You might have thought that would have sent a message that there are limits. It didn’t.

Today the game is translators. And the number of radio signals continues to grow, all seeking funding through advertising, just like every other form of media out there today.

So is the ad pie growing? Not according to Adam Levy at Motley Fool who saw advertising drop nearly 4 percent in the second quarter of 2015.

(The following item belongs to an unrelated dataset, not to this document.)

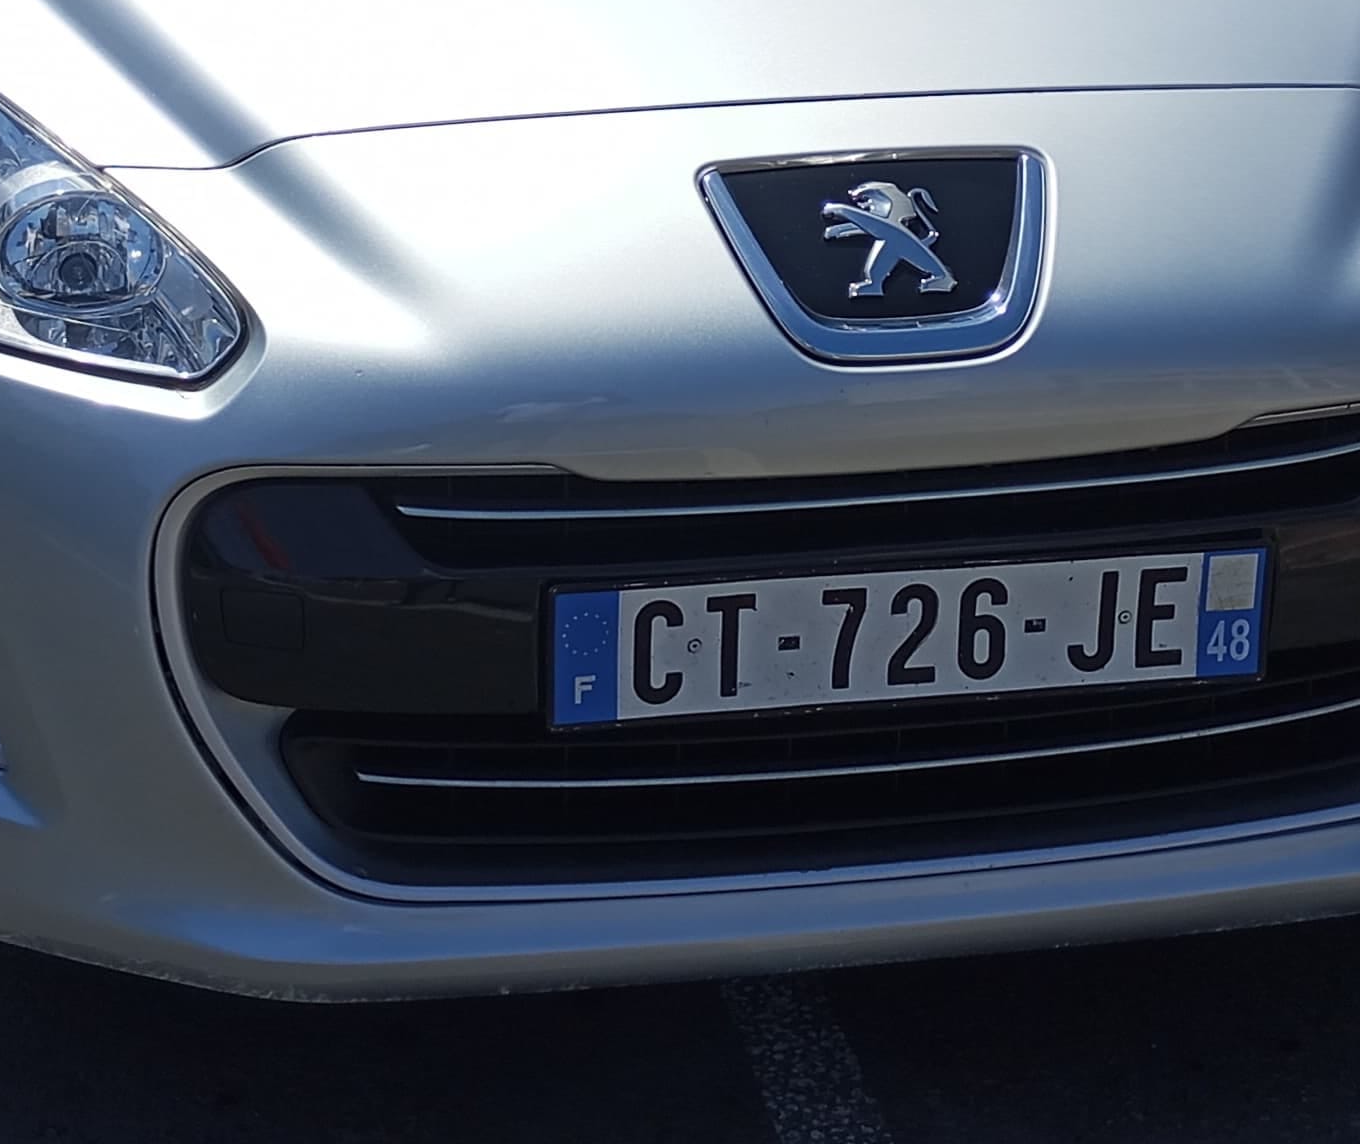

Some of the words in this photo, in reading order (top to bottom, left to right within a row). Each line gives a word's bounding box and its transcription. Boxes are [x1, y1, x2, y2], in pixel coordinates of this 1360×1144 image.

[633, 566, 1189, 706] CT-726-JE
[1206, 618, 1252, 663] 48
[572, 675, 597, 706] F

When the advertising pie isn’t getting bigger, two things usually happen: 1) budgets get cut and people lose their jobs and 2) more spots are added to the hour. Unfortunately, all through consolidation and the Great Recession radio companies have been doing both. They are like the Federal Reserve wondering what you do when you already have cut the interest rate to zero to stimulate the economy. Not a fun place to be.

Suggested Solutions

 Not to be all doom and gloom on you, I think there are some things that can be done to turn things around. The first thing is to focus on something and own it. Steve Jobs would put it this way “Just get rid of the crappy stuff and focus on the good stuff.” The way Jobs took Apple from near extinction to the world’s most valuable company was by his relentless focus on creating a small number of simple and elegant products.

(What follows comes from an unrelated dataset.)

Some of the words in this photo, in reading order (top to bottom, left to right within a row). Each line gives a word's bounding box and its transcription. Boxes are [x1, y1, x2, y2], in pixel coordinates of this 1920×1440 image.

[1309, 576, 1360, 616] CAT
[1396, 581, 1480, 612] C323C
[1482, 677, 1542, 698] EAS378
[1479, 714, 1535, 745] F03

Seth Godin calls it finding and serving your tribe. Radio needs to give up the quest to be all things to all people and learn to be something some people can’t live without.

Some stations can be the national brand in town, but everyone can’t. Likewise if people can get what you do someplace else, then why do they need you? This is the secret of “less is more.”

Radio stations need to have the agility to make decisions on the front line. Top down management is out, front line management is in. Mary Berner, the new CEO of Cumulus gets it. She has been reported in the trades saying “Cumulus will rely less on top-down management and more on letting managers do the job they were hired for.”  She also understands that while IoT (Internet of Things) is the future, it’s not the place Cumulus needs to focus on today. It’s about changing the culture and the way the company operates first. Getting the programming right and improving sales of those radio programs next.

I remember when I starting working for Clear Channel and hired to turn things around in my market, the company had a big push on selling the web and developing that component. I told my sales manager after the conference call ended that was not going to be the case for us. First we needed to get the programming and radio sales on fire and then – and only then – would we begin tackling our web based program. It worked too.

The hardest thing sometimes is not doing things, but figuring out what to stop doing. Jobs was good at this at Apple. You need to invest some serious thought about what you need to stop doing in your radio property. Again, less IS more if done right.

And the last suggestion I have is directed at colleges and universities. We need to be focused on the business model of radio and putting more of a focus on the business side of radio and radio sales. Radio owners and operators I talk with aren’t clamoring for more DJs or news people like they are for more sales people and innovators that will create the next revenue stream for their property.

In the end, your audience size won’t matter if you don’t have a business model to monetize it.